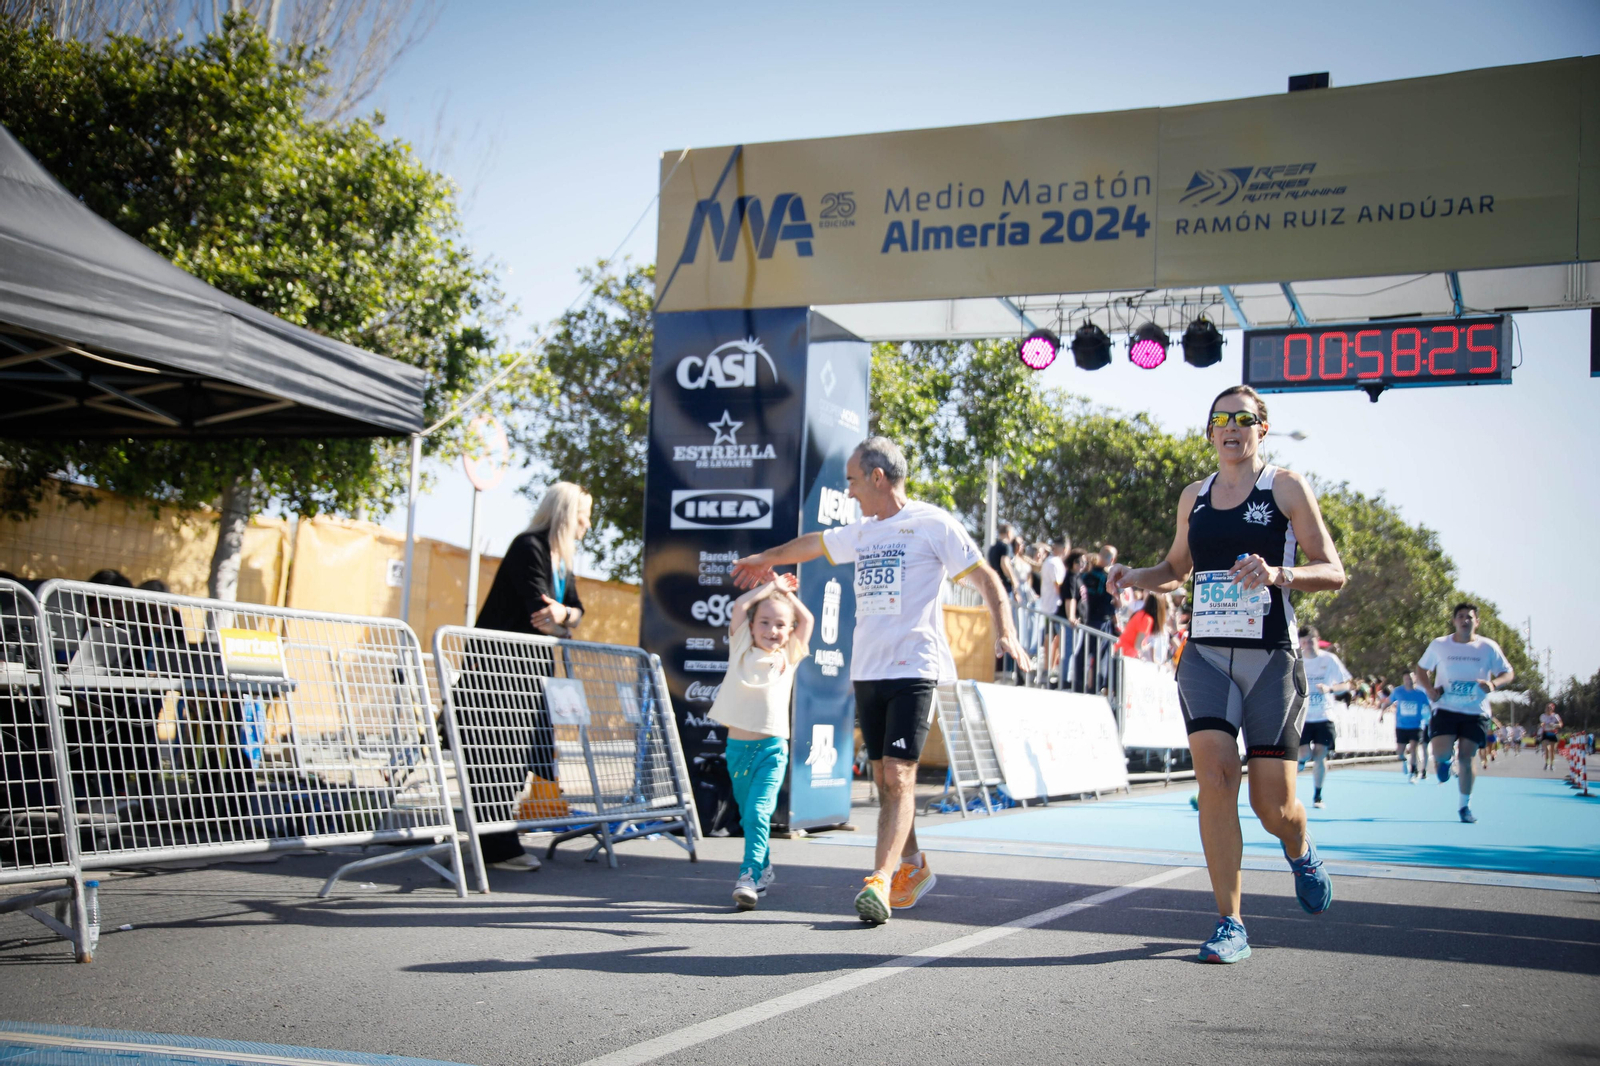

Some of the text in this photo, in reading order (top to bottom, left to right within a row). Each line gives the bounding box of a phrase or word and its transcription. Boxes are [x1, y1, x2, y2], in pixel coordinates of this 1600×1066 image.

[883, 170, 1151, 214] Medio Maratón
[1247, 177, 1311, 192] SERIES
[1284, 186, 1348, 203] RUNNING
[819, 191, 857, 219] 25
[818, 217, 857, 229] EDICIÓN
[1175, 195, 1495, 236] RAMÓN RUIZ ANDÚJAR
[880, 204, 1151, 254] Almería 2024
[675, 353, 757, 390] CASI
[672, 443, 778, 461] ESTRELLA
[710, 459, 754, 469] LEVANTE
[684, 500, 762, 518] IKEA
[699, 550, 739, 562] Barceló
[881, 548, 906, 558] 2024
[698, 562, 726, 574] Cabo
[698, 574, 723, 586] Gata
[857, 567, 895, 587] 5558
[1200, 582, 1243, 603] 564
[685, 637, 715, 650] SER
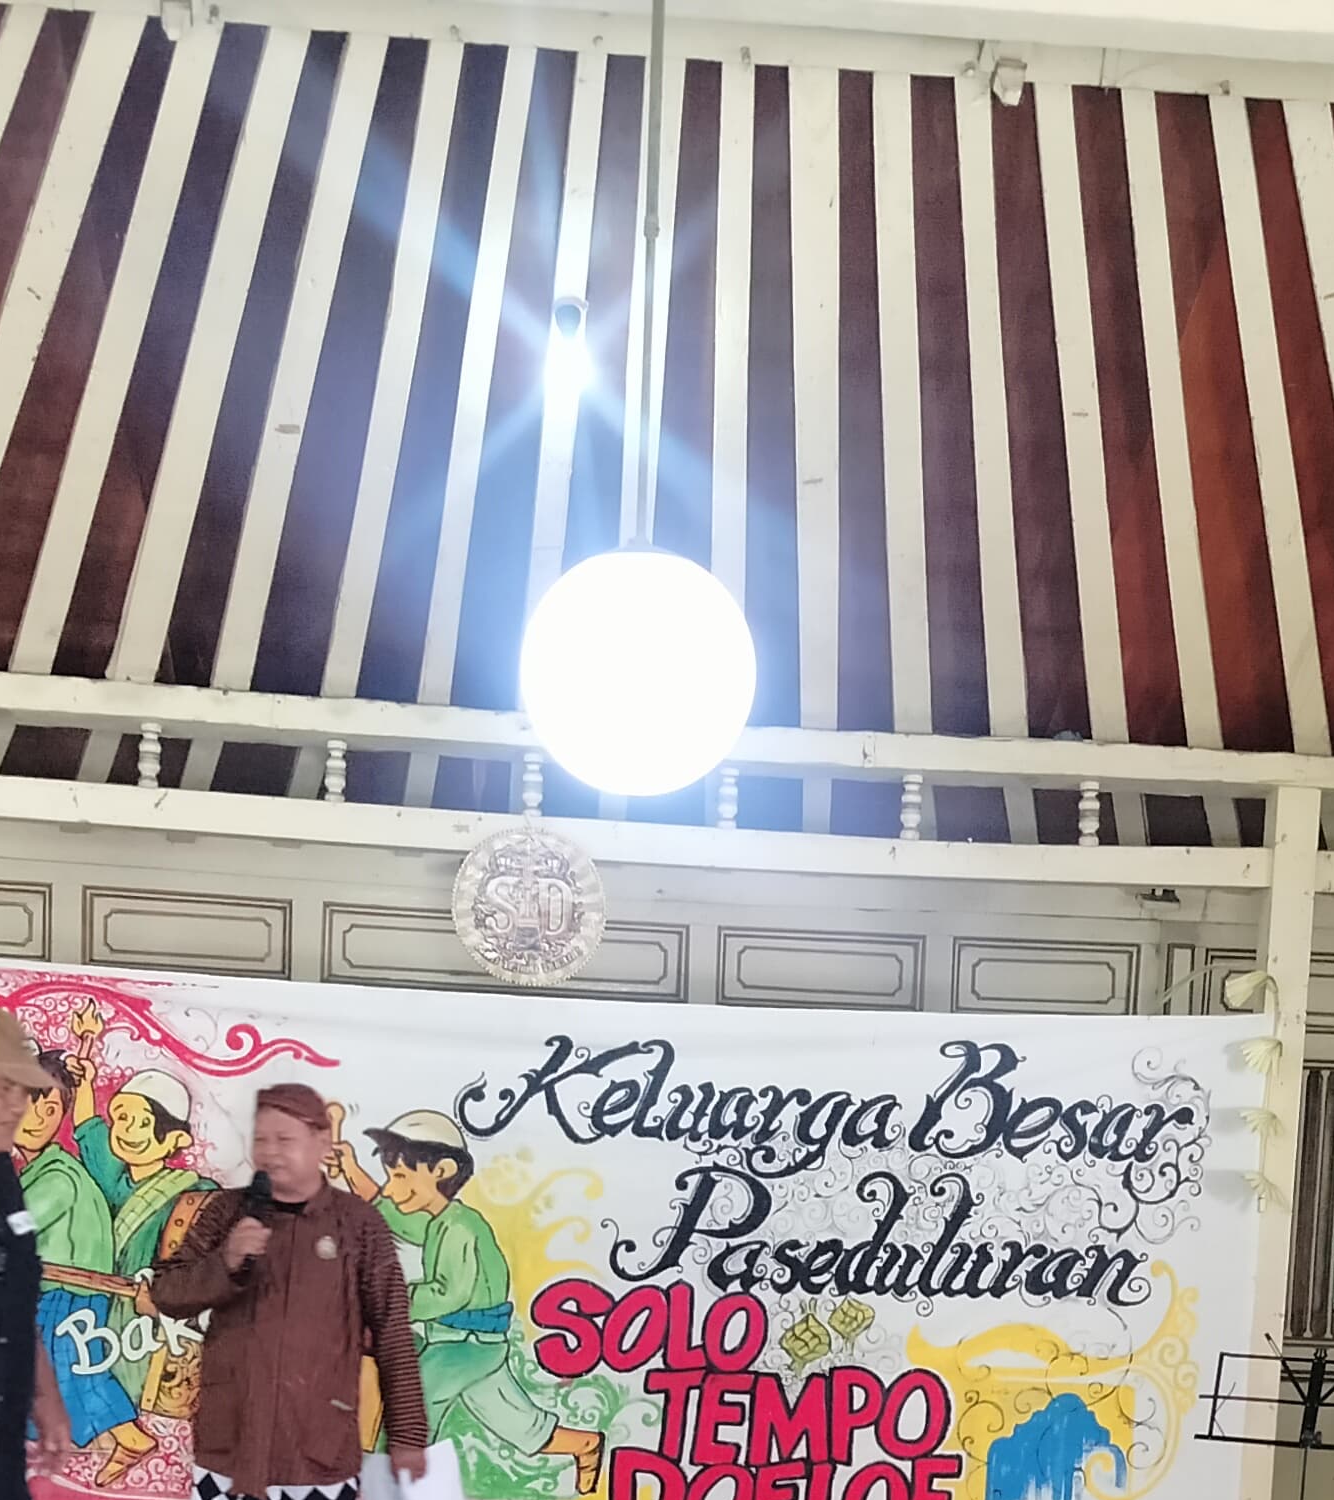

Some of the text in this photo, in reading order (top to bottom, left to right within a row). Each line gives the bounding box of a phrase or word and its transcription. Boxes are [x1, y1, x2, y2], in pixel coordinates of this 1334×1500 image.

[456, 1034, 1197, 1176] Keluarga Besar
[603, 1163, 1151, 1310] Paseduluran
[530, 1279, 769, 1378] SOLO
[646, 1365, 960, 1470] TEMPO
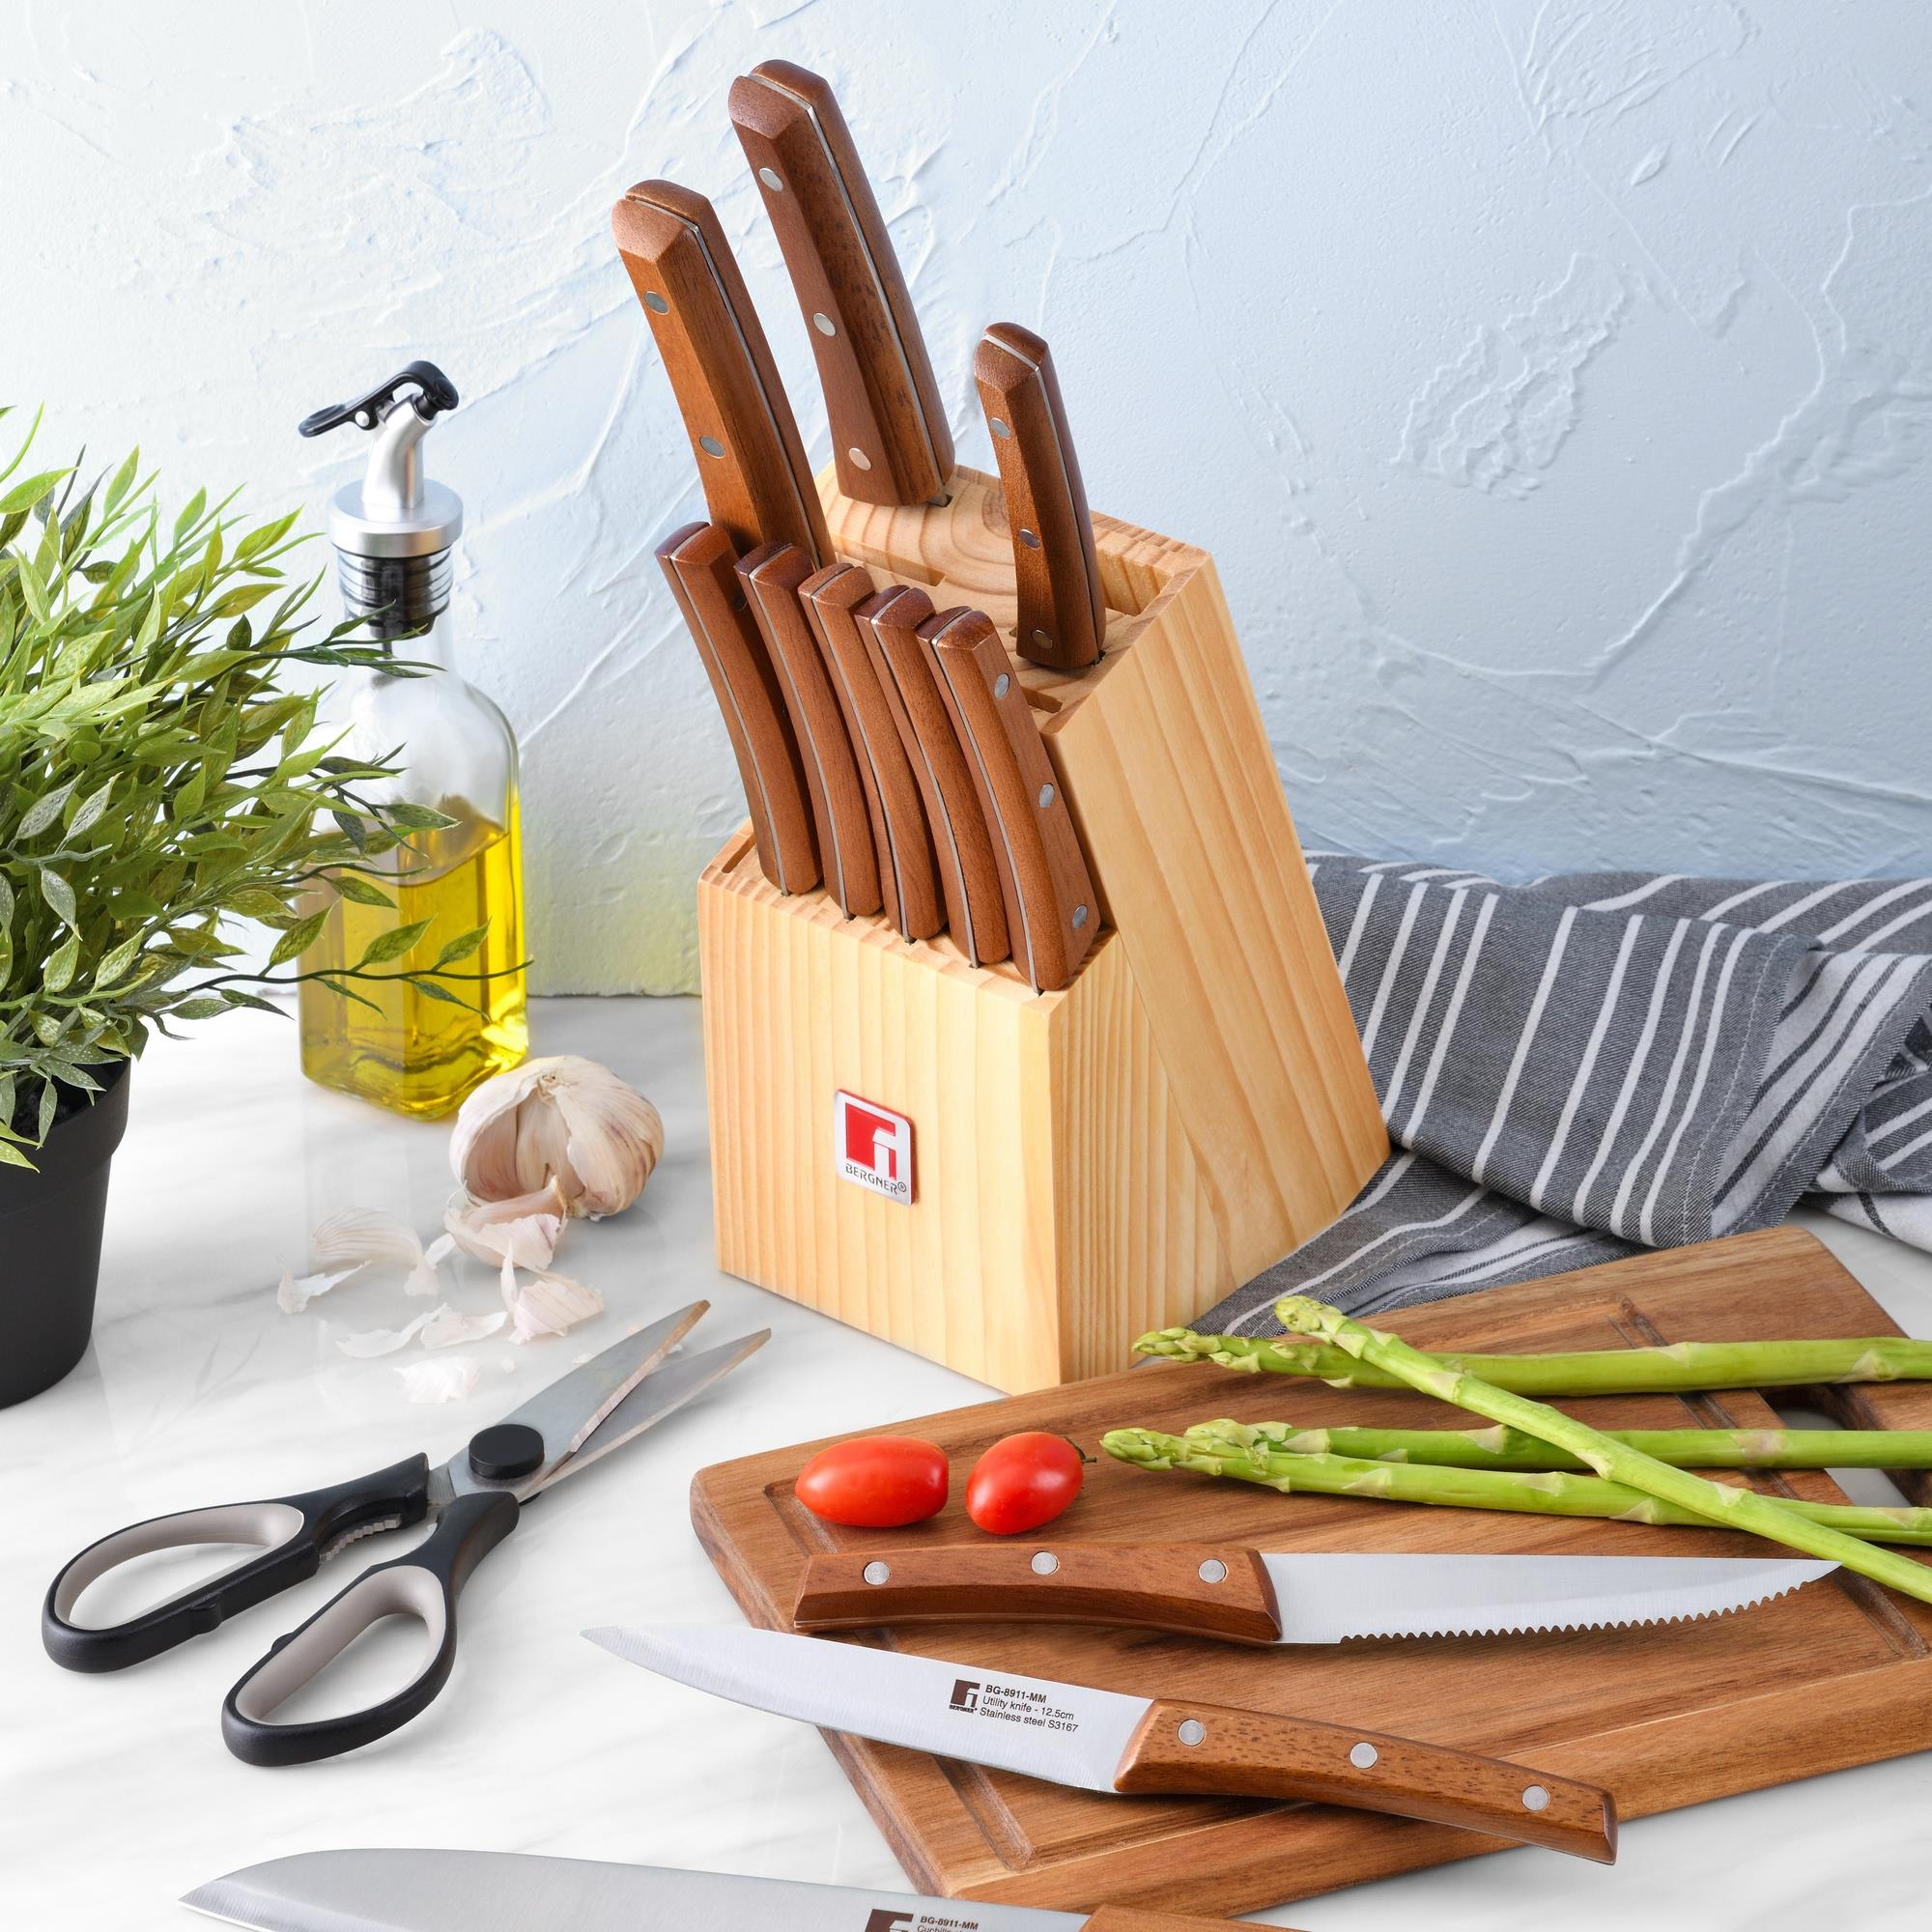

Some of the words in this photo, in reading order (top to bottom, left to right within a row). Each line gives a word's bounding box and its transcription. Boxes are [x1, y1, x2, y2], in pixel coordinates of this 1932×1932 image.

WHAT IS REQUIRED: Copy the records exactly as they appear, leaving every picture out.

OUTPUT:
Some of the text in this photo, in reading order (top to bottom, left to right within a row). Each line gives the bounding box of a phrase or word and its transcription. Boxes are [x1, y1, x2, y2], in pixel coordinates of this 1600×1066 image.

[883, 170, 1151, 214] Medio Maratón
[1247, 177, 1311, 192] SERIES
[1284, 186, 1348, 203] RUNNING
[819, 191, 857, 219] 25
[818, 217, 857, 229] EDICIÓN
[1175, 195, 1495, 236] RAMÓN RUIZ ANDÚJAR
[880, 204, 1151, 254] Almería 2024
[675, 353, 757, 390] CASI
[672, 443, 778, 461] ESTRELLA
[710, 459, 754, 469] LEVANTE
[684, 500, 762, 518] IKEA
[699, 550, 739, 562] Barceló
[881, 548, 906, 558] 2024
[698, 562, 726, 574] Cabo
[698, 574, 723, 586] Gata
[857, 567, 895, 587] 5558
[1200, 582, 1243, 603] 564
[685, 637, 715, 650] SER

Some of the text in this photo, in reading order (top to bottom, left to right within a row). Each line gives the bounding box of a phrase or word and its transcription. Boxes are [x1, y1, x2, y2], in pixel coordinates of this 1334×1500 image.

[456, 1034, 1197, 1176] Keluarga Besar
[603, 1163, 1151, 1310] Paseduluran
[530, 1279, 769, 1378] SOLO
[646, 1365, 960, 1470] TEMPO

Some of the words in this photo, in reading order (top to bottom, left to right within a row). Each line gives a word's bounding box and its transcription. Boxes are [x1, y1, x2, y2], in pixel coordinates of this 1932×1932 image.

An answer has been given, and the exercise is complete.